Less than a second later – according to several eyewitnesses at the scene – Derek was hit with a taser blast that knocked him sideways and sent him into convulsions. His right hand involuntarily shot out of its pocket, clenching spasmodically.
“Not in front of the kids,” Derek gasped, as he tried to force his body to cooperate. “Get the kids out of here.”
The officers continued to order Derek to put up his hands; he was physically unable to comply.
So they tased him again. This time he was driven to his side and vomited into a nearby flower bed.
Howard Mixon, a contractor who had been working nearby, couldn't abide the spectacle.
“That's not necessary!” he bellowed at the assailants. “That's overkill! That's overkill!”
At this point, one of the heroes in blue (or, in this case, black) swaggered over to Mixon and snarled, “I'll f*****g show you overkill!” Having heroically shut up an unarmed civilian, the officer turned his attention back to Derek – who was being tased yet again.
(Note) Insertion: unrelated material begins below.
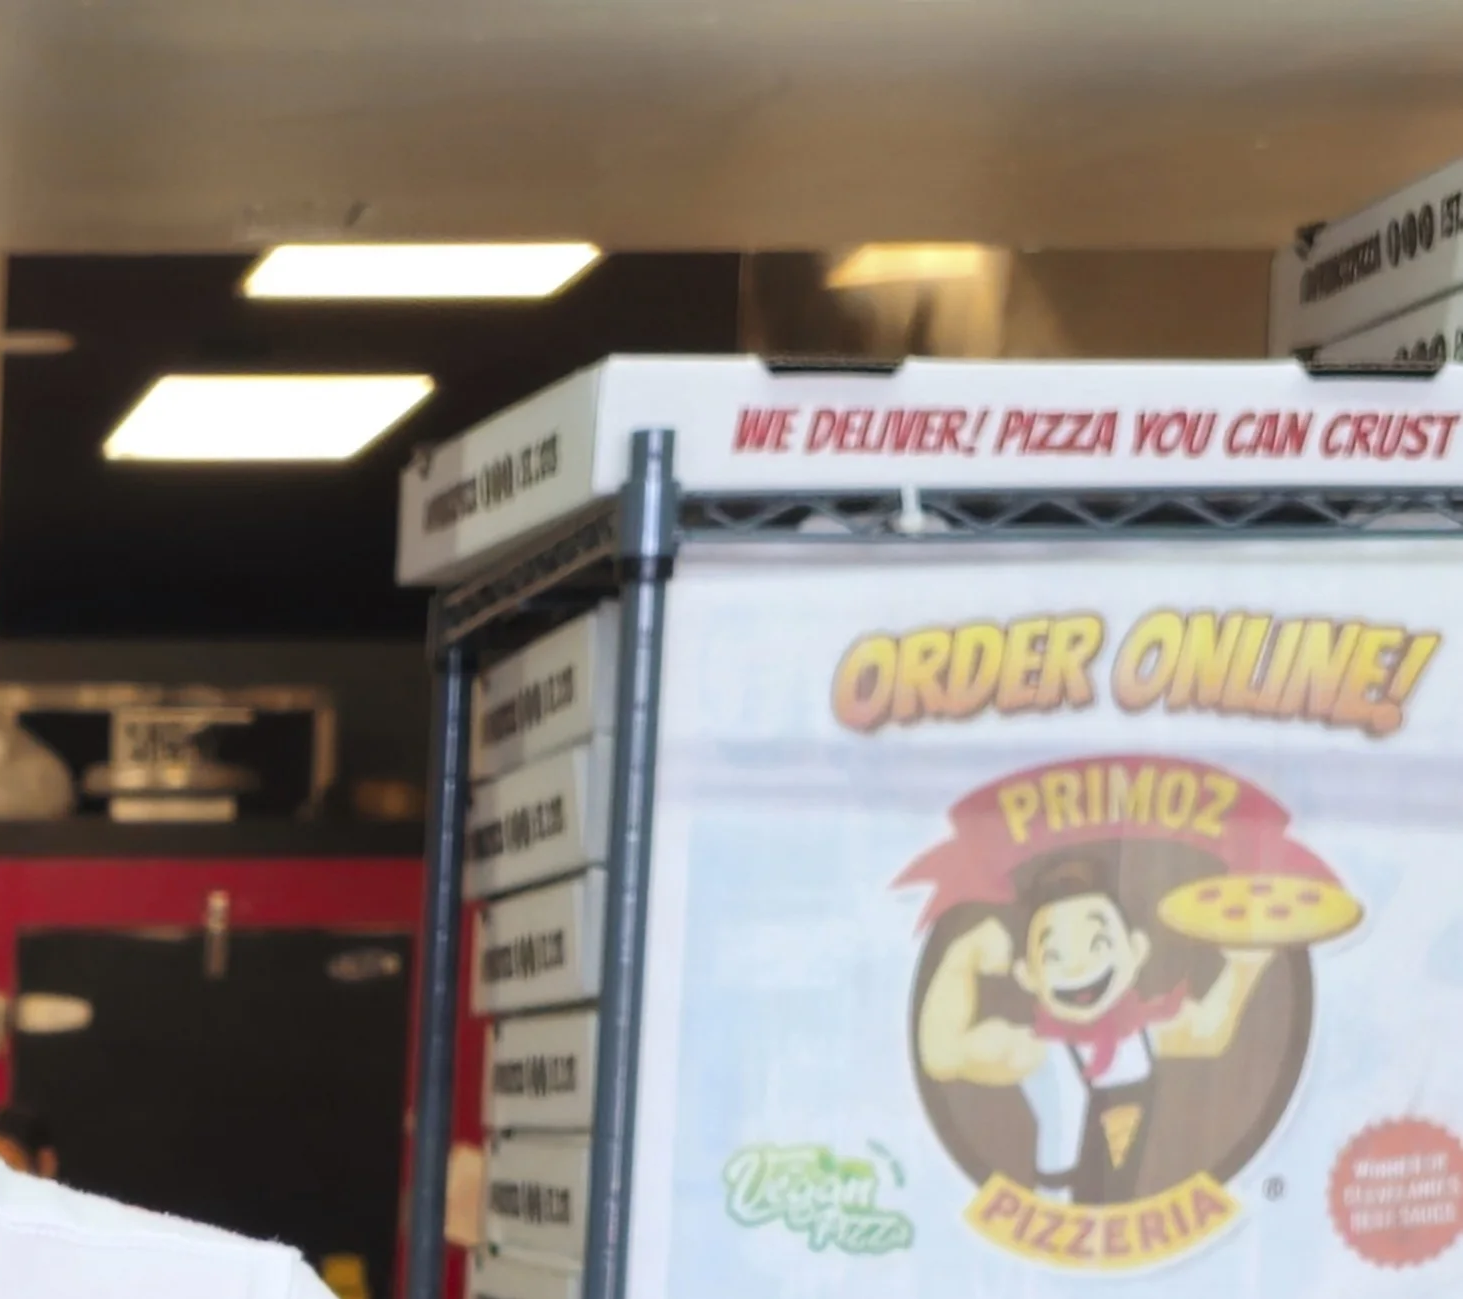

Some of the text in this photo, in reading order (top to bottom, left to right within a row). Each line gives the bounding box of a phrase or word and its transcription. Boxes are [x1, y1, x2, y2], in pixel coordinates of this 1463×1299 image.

“I'm trying to get my hands out,” Derek exclaimed, desperately trying to make his tortured and traumatized body obey his will. Horrified, his friend Sandra screamed at the officers: “He is trying to get his hands out, he cannot get his hands out!”
Having established that Derek – an innocent man who had survived two tours of duty in Iraq – was defenseless, one of Wilmington's Finest closed in for the kill.
Lt. William Brown of the Wilmington Police Department, who was close enough to seize and handcuff the helpless victim, instead shot him in the chest at point-blank range, tearing apart his vitals with three .40-caliber rounds. He did this after Derek had said, repeatedly and explicitly, that he was trying to cooperate. He did this despite the fact that witnesses on the scene had confirmed that Derek was trying to cooperate. He did this in front of a traumatized mother and two horrified children.
Why was this done?
According to Sgt. Steven Elliot of the WPD, Brown slaughtered Derek Hale because he “feared for the safety of his fellow officers and believed that the suspect was in a position to pose an imminent threat.” That subjective belief was sufficient justification to use “deadly force,” according to Sgt. Elliot.
The “position” Derek was in, remember, was that of wallowing helplessly in his own vomit, trying to overcome the cumulative effects of three completely unjustified Taser attacks.
When asked by the Wilmington News Journal last week if Hale had ever threatened the officers – remember, there were at least 8 and as many as 12 of them – Elliot replied: “In a sense, [he threatened the officers] when he did not comply with their commands.”